__Task to carry out__.
Restate the listing below word for word. No picture belongs in the result.
———
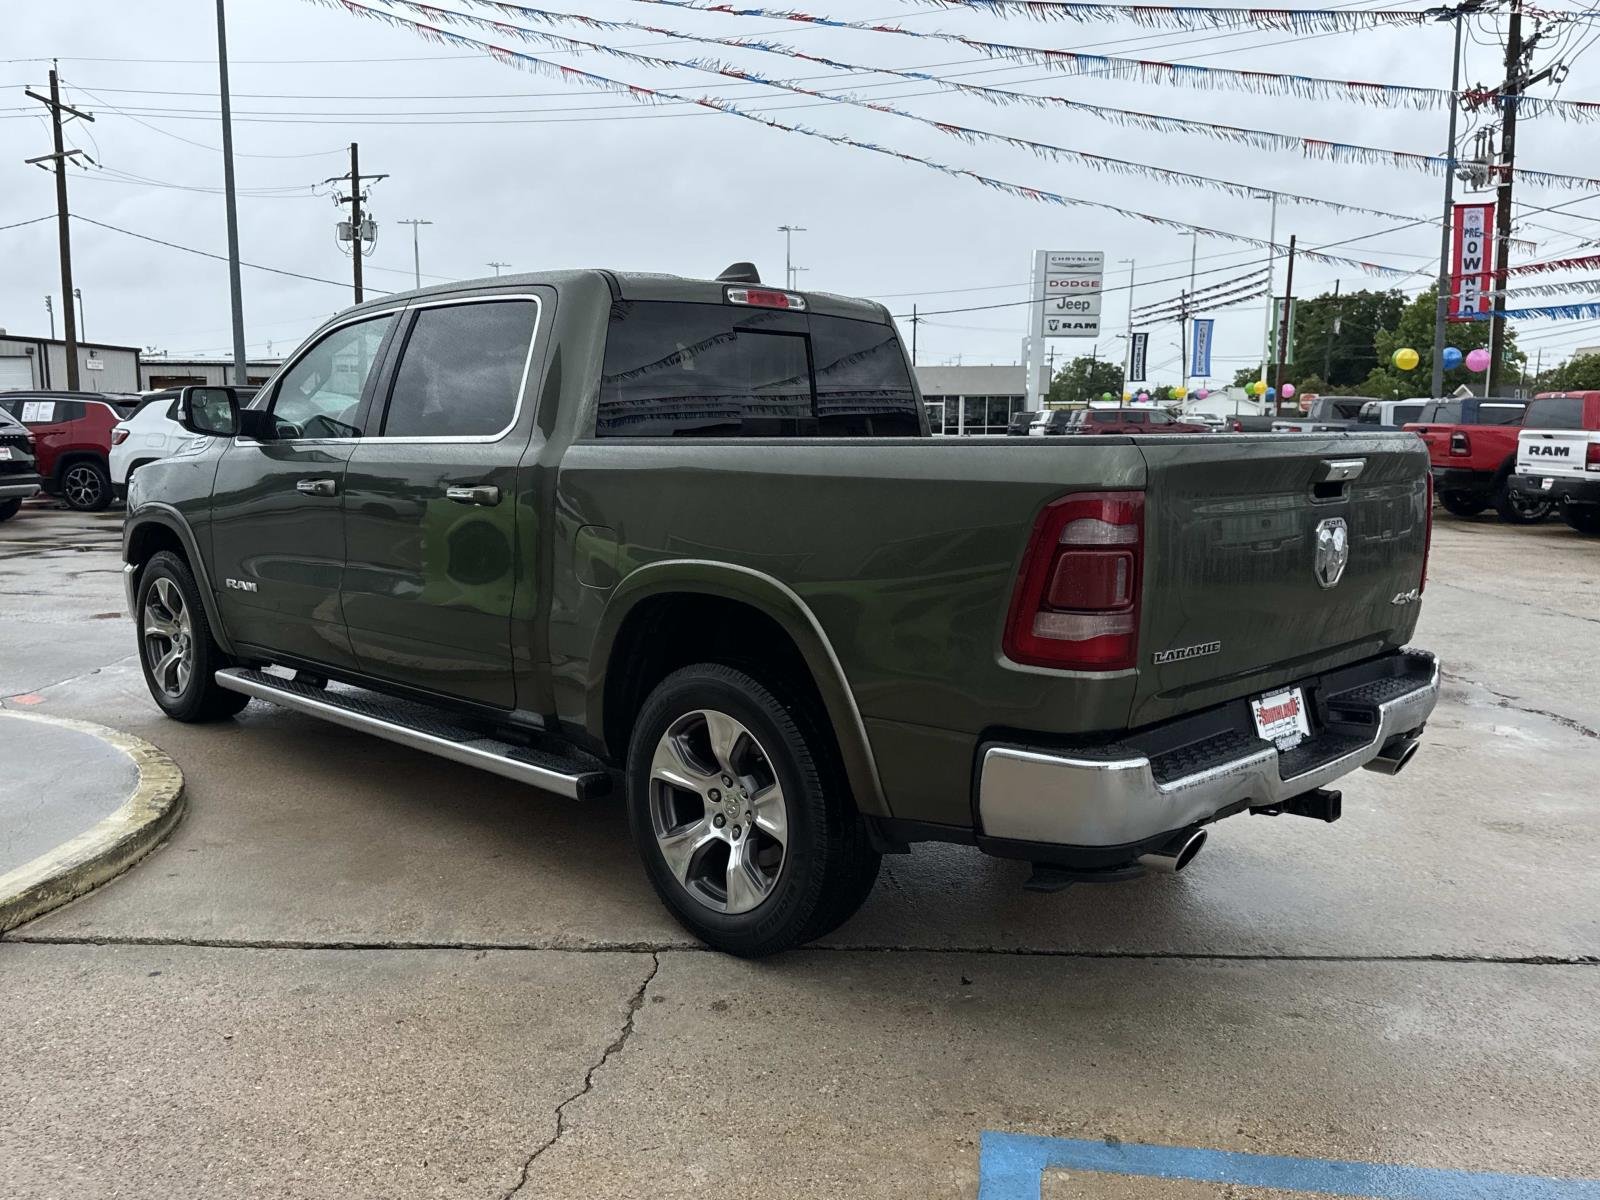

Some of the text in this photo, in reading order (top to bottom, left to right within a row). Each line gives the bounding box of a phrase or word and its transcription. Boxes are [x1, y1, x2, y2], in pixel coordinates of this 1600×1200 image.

[1049, 280, 1100, 288] DODGE
[1056, 297, 1091, 312] Jeep
[1528, 445, 1570, 457] RAM
[225, 578, 258, 592] RAM
[1153, 641, 1221, 664] LARAMIE
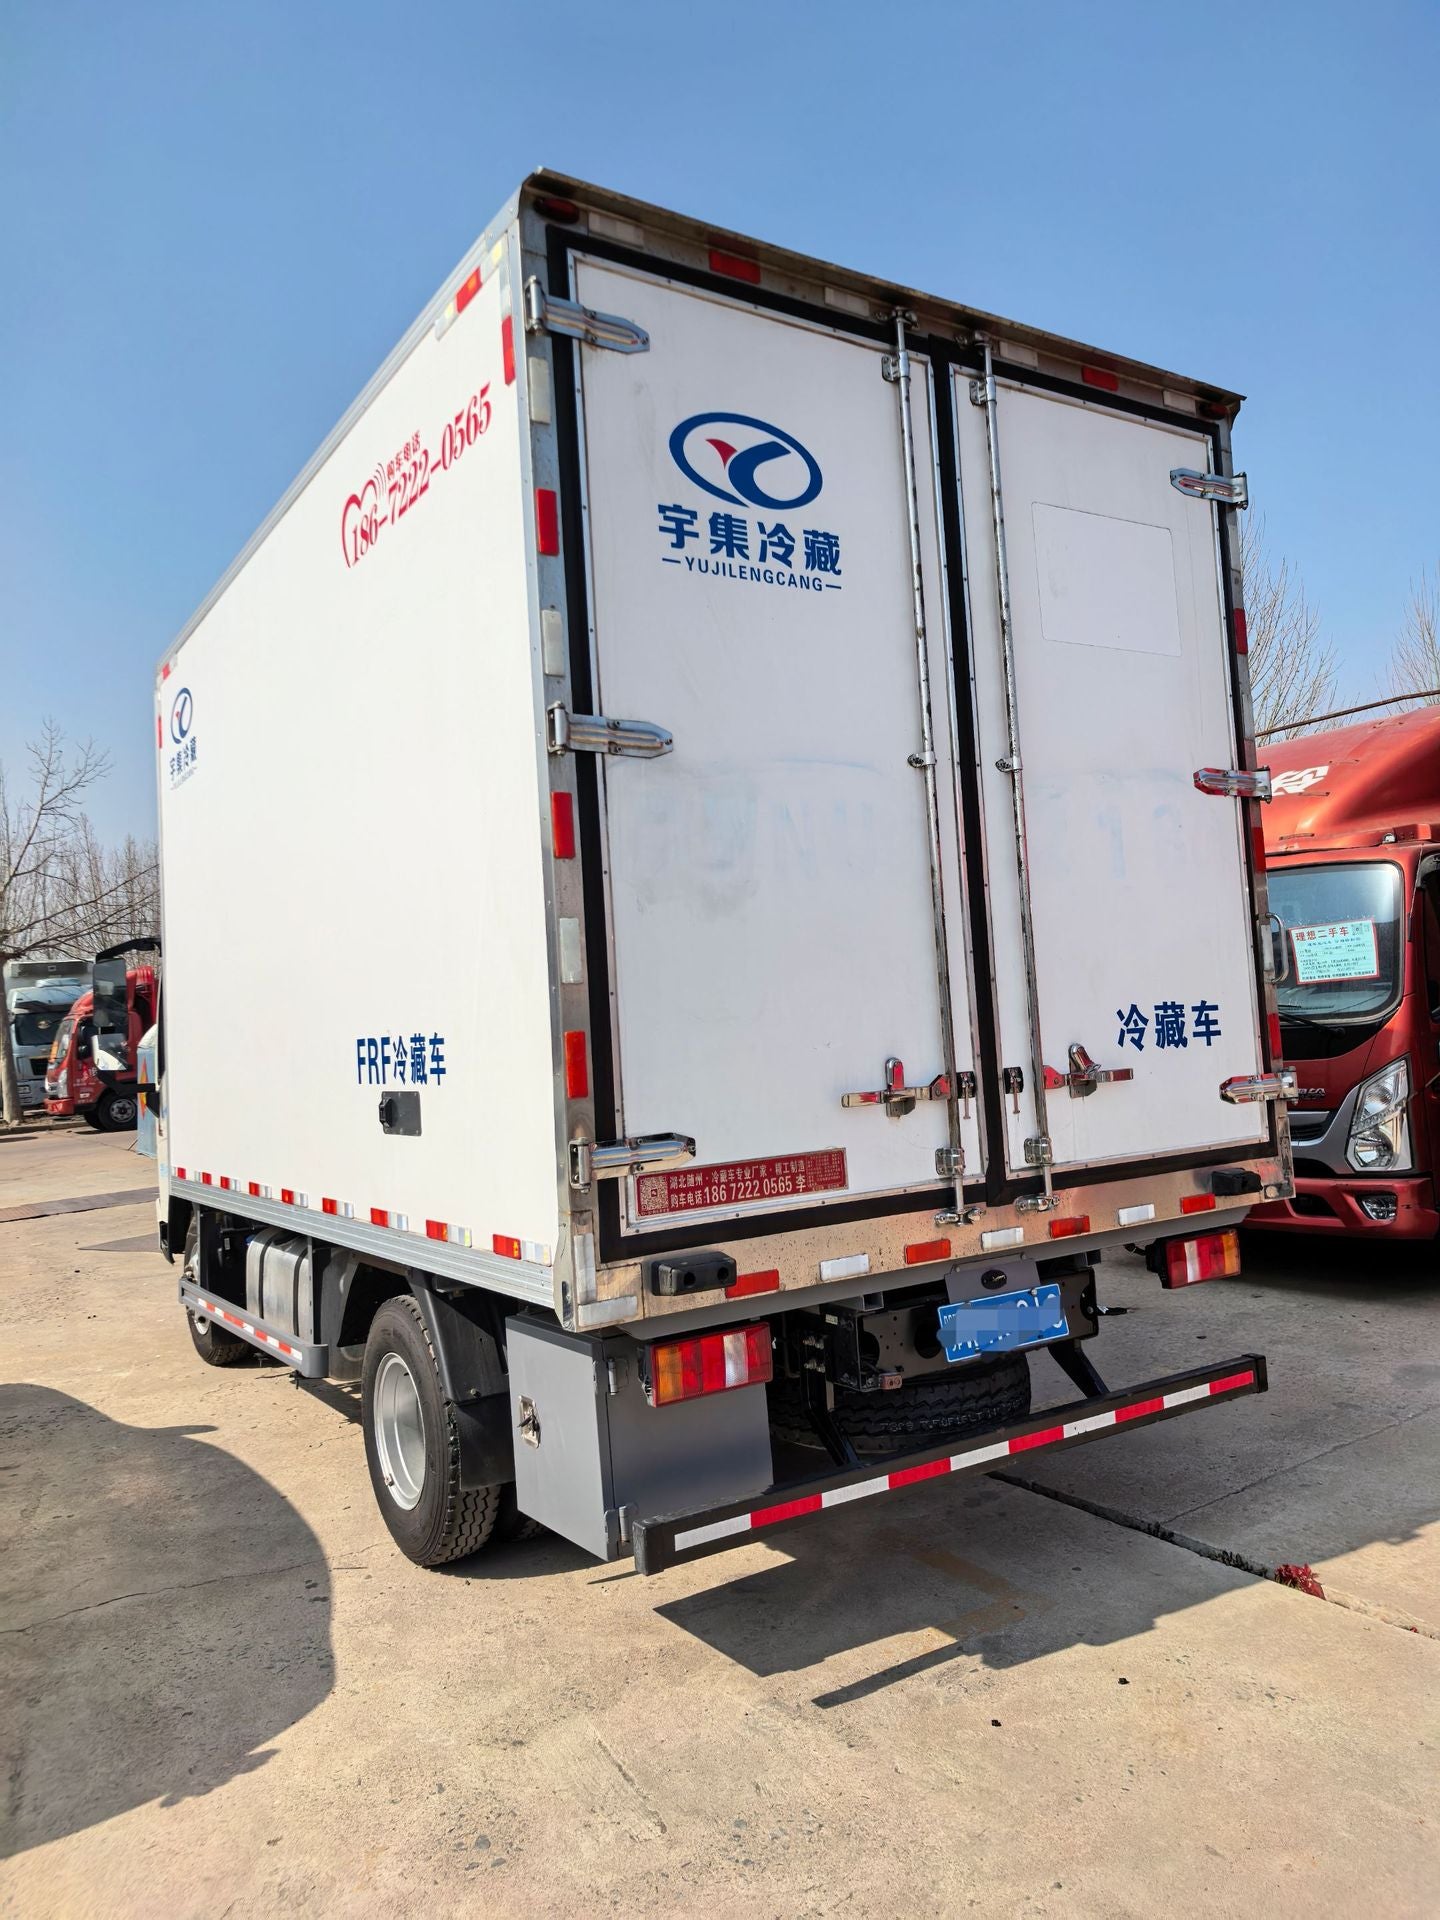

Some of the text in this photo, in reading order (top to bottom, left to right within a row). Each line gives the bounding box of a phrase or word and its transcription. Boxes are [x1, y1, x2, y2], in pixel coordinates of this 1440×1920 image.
———
__Answer box__.
Some of the text in this photo, in reading order (top to bottom, left to right within a row). Each line gives the bounding box of a phrase or word and its transcription. Boxes are [x1, y1, x2, y2], in pixel coordinates of this 1600×1200 image.

[1049, 280, 1100, 288] DODGE
[1056, 297, 1091, 312] Jeep
[1528, 445, 1570, 457] RAM
[225, 578, 258, 592] RAM
[1153, 641, 1221, 664] LARAMIE

Some of the text in this photo, in reading order (top to bottom, left to right within a row). Each line gives the bounding box of a phrase or word and its transcription. Boxes are [x1, y1, x2, y2], in pixel coordinates of this 1440×1920 image.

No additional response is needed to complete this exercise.